A fight is brewing within the Israeli government coalition, between those who want to hold a referendum on any final peace deal with the Palestinians (Naftali Bennett, Benjamin Netanyahu) and those who don’t (Tzipi Livni, Yesh Atid, and Avigdor Lieberman). The idea is to have the Israeli public vote on whether giving up land under Israeli control is acceptable or not.
Most would probably say that talking about a referendum now is getting way ahead of ourselves; there isn’t even a real peace process at this point in time. Even still, it’s important to think broadly and long term, particularly about the way that the Israeli and Palestinian governments can bring their peoples along with them in any final resolution. But a referendum is not the right policy to do that.
In point of fact there is currently a law on the books that requires a referendum on withdrawal from areas subject to Israel law—which includes all of Jerusalem and the Golan Heights, but not the West Bank. At the moment the idea seems to be to require a referendum on giving up lands under Israeli “sovereignty,” which means any land swaps (territory in Israel for settlements) that are part of a final agreement would need public approval. Naftali Bennett's Jewish Home party wants to make this law a Basic Law, and there’s some uncertainty whether the party would want to extend the jurisdiction of the law (i.e., to all of the West Bank).

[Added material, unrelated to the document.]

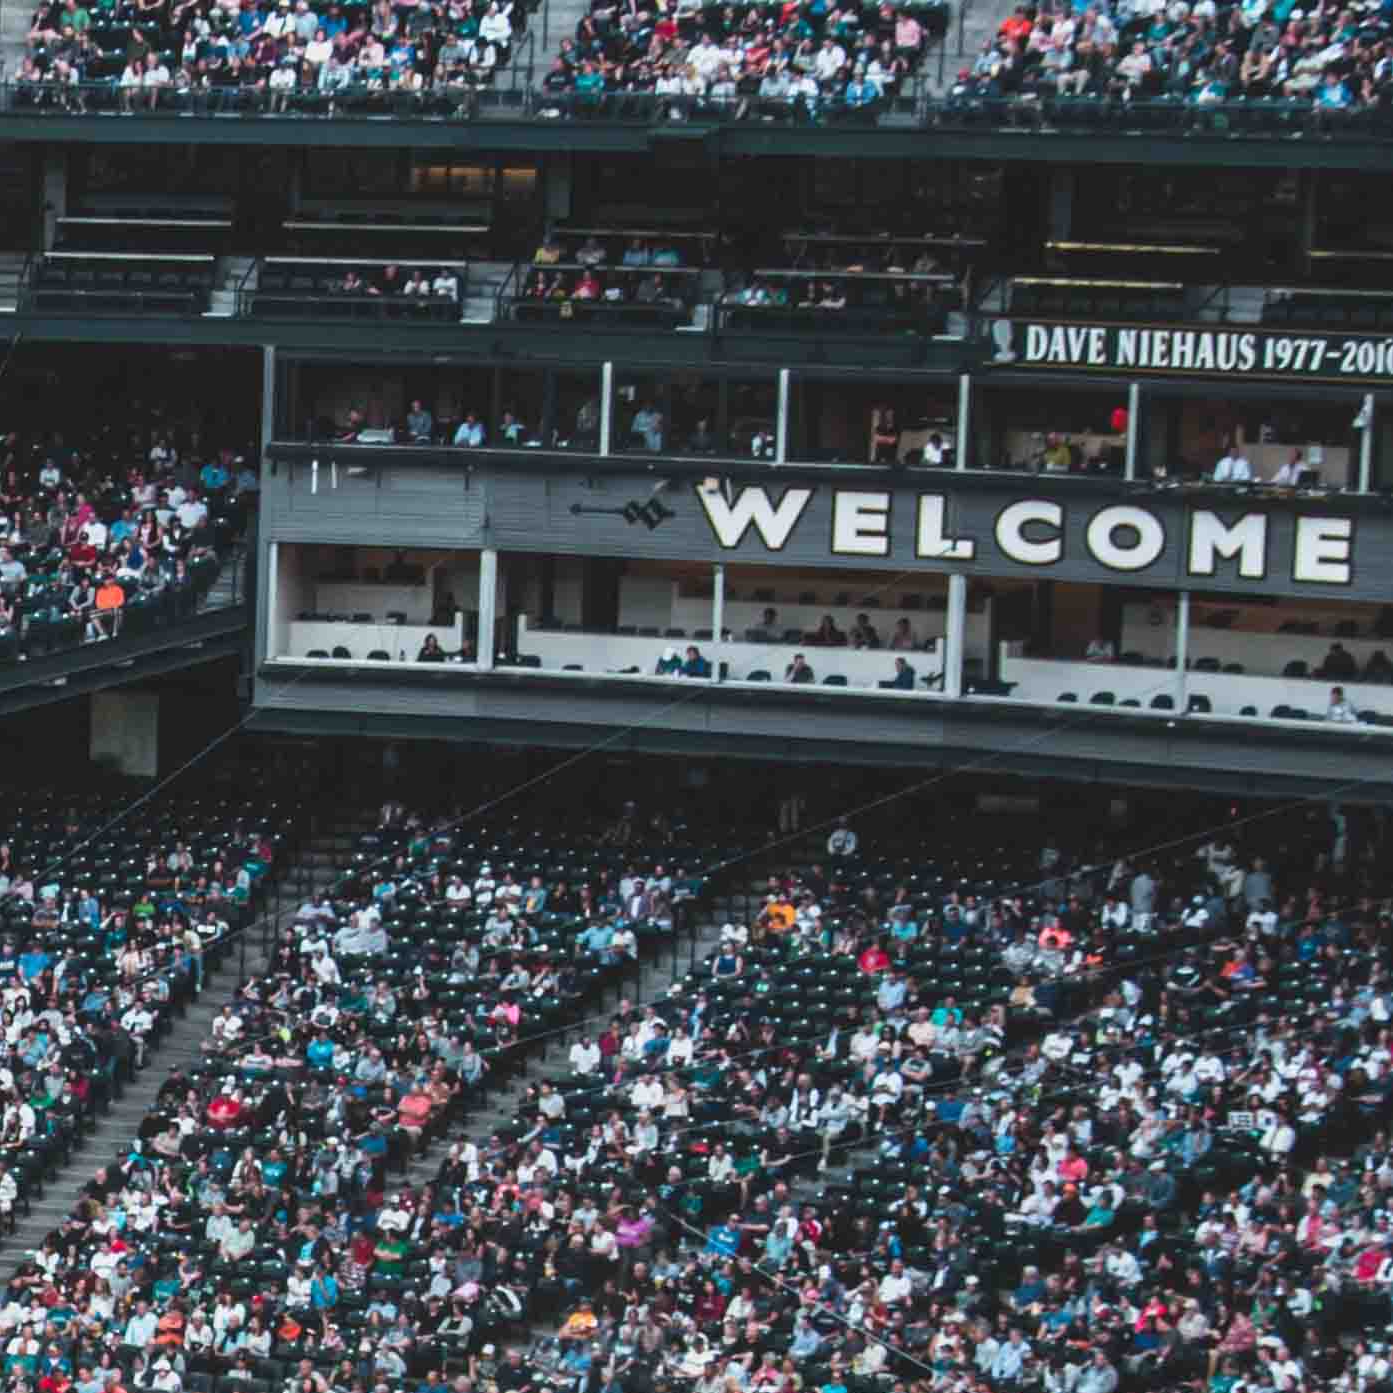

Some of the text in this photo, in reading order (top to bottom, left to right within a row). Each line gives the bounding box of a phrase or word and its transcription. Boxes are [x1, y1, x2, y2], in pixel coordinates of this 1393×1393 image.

In effect, though, including land swaps in the law would tie a final peace treaty to a public referendum, since any agreement will almost certainly include land swaps. Both official negotiations and track-two diplomacy between Israelis and Palestinians have by now entrenched the idea that at least some settlements will be annexed to Israel, in return for some Israeli territory being annexed to the Palestinian state.
There are some plausible arguments for a referendum. It would provide any final agreement with the support of a majority of the population, which is useful for the success of such a treaty; it could provide a sense of national unity at a moment of dramatic change; and it would provide cover for those who oppose land withdrawals, allowing them to accept the “will of the people,” while undermining the ability of spoilers by demonstrating broad support for the agreement.

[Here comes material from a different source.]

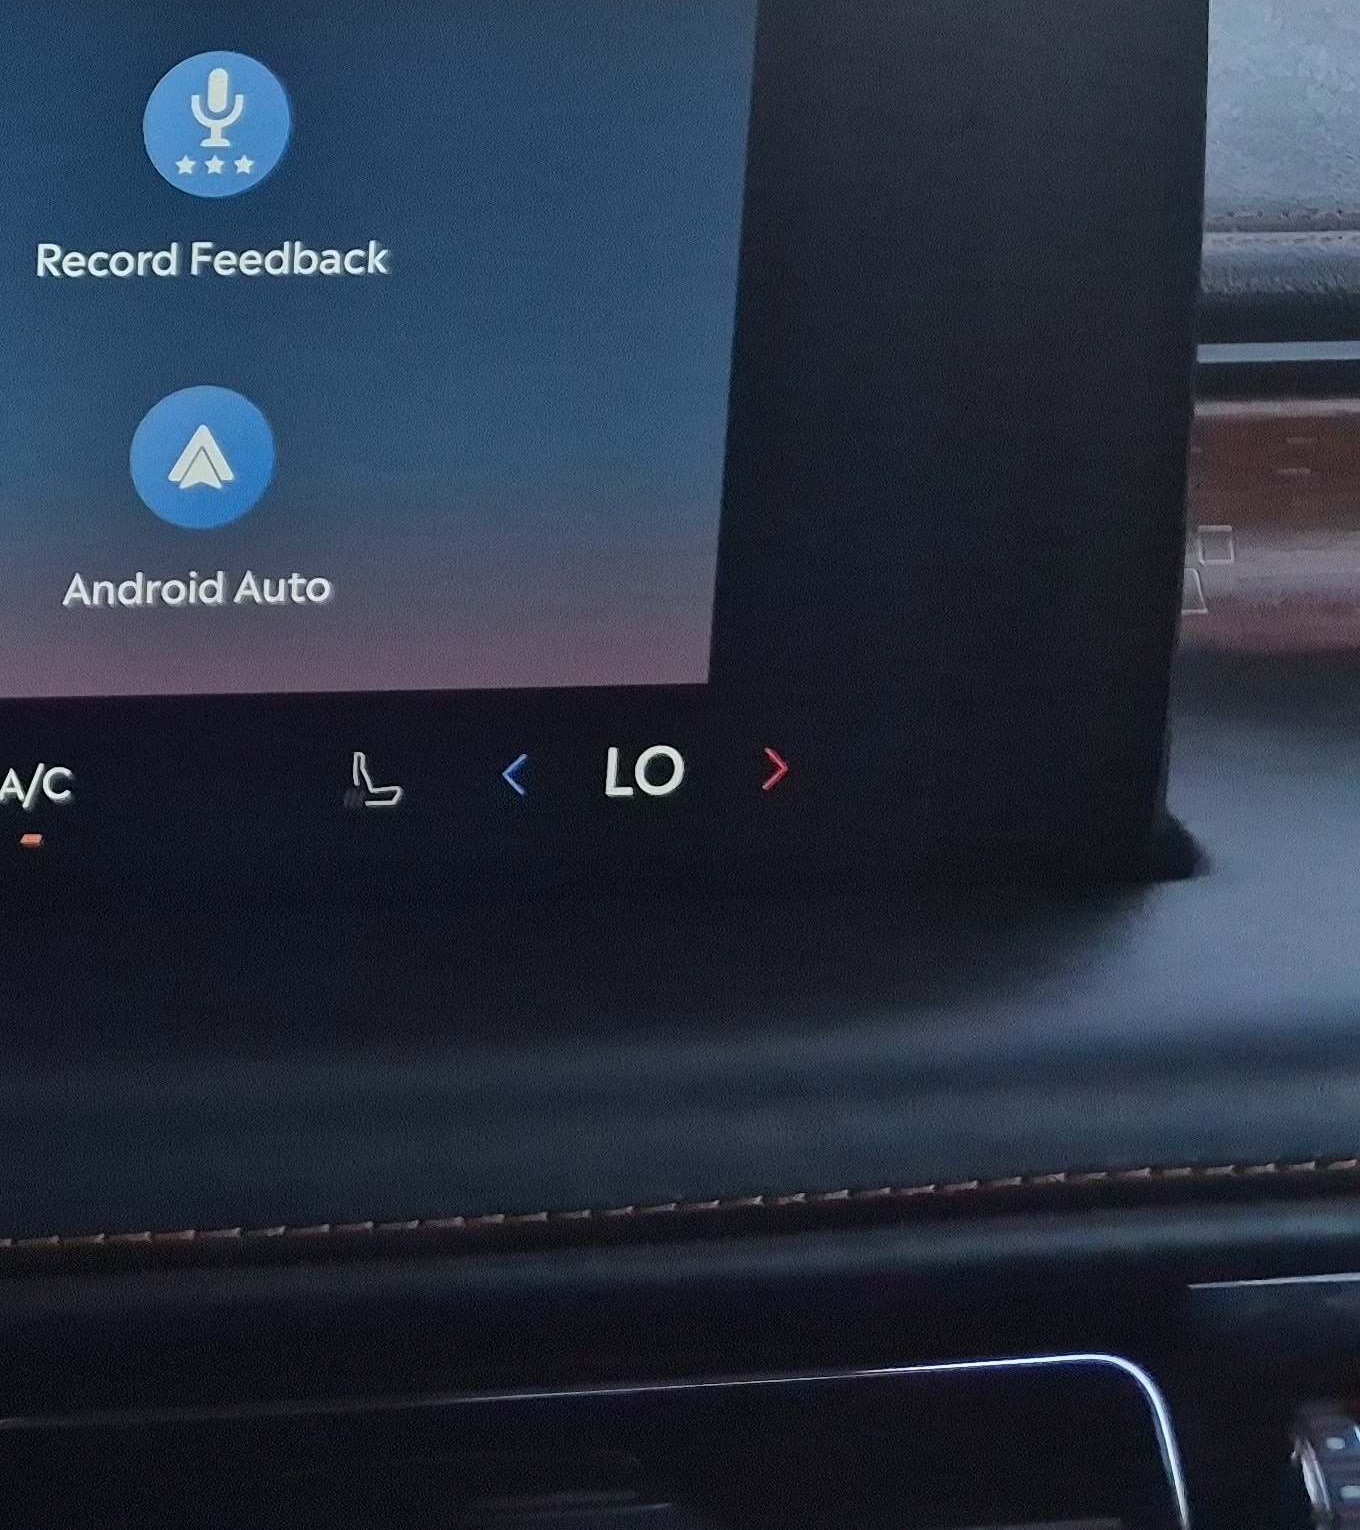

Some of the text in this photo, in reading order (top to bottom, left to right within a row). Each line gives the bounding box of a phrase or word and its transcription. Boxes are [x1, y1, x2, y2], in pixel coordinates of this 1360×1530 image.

[36, 240, 389, 278] Record Feedback
[62, 570, 332, 607] Android Auto
[605, 744, 685, 797] LO

But the counter-arguments are even stronger. In democracies, populations elect leaders to make decisions on national security (among other things). It is not more democratic to run back to the public for approval of specific government policies. If segments of the population oppose a decision, they have the right to protest against it in a variety of (legal and legitimate) ways, including threats of removal from office at the next election. Israeli leaders will certainly be aware of the importance of a decision on a final peace treaty, and if they decide it is important enough to go ahead with even in the face of opposition, that is simply what leaders do.
In addition, there are many other ways that governments can speak to their populations. And in this case, there is already plenty of polling data that a majority of Israelis support leaving most of the West Bank. A referendum seems to be redundant.

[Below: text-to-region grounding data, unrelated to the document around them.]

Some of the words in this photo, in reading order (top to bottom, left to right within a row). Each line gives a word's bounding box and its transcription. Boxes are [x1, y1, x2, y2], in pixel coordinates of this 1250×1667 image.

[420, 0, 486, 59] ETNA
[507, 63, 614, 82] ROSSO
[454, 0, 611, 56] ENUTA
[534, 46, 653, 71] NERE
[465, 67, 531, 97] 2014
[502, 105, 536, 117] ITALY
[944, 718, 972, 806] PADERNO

At the same time, there was no referendum on the 1947 Partition Plan, the decision to accept the 1949 armistice lines, the 1979 treaty with Egypt, 1981’s annexation of east Jerusalem and the Golan, the Oslo Accords in 1993, the agreement with Jordan in 1994, the 2000 withdrawal from Lebanon, or the Gaza withdrawal in summer 2005. In short, on none of the big issues of peace and security—all of which directly impacted on the personal safety of individuals as well as the security of the state itself—was the public asked to decide.
There is also the question of legitimacy. Approximately 20 percent or so of Israel’s population is Arab, and it’s not clear how this would be incorporated into any law on referenda. Of course no distinctions between citizens should be made at all, but one can imagine a scenario in which large numbers of the Arab community vote for a peace treaty and carry the percentage of supporters into the majority. Would the referendum be dismissed by rightwing parties because it wasn’t “Jewish” enough? Would those pushing for such a law—namely, the religious Zionists and secular nationalists—try to incorporate stipulations about how many of which group must vote for the referendum to count? This would undermine the whole point about referenda being “democratic,” and, worse, undermine the communal and individual rights of both Jews and Arabs and Israeli democracy as a whole.
Perhaps most importantly, given that developments in security and foreign affairs are often fluid and context-dependent, tying the hands of future governments on such critical issues is short-sighted, foolhardy, and counter-productive.
In short, the very discussion of such a referendum represents an effort to impose specific ideological ideas on the entire country and ties the hands of government. Indeed, the existing law on referenda should be scrapped entirely.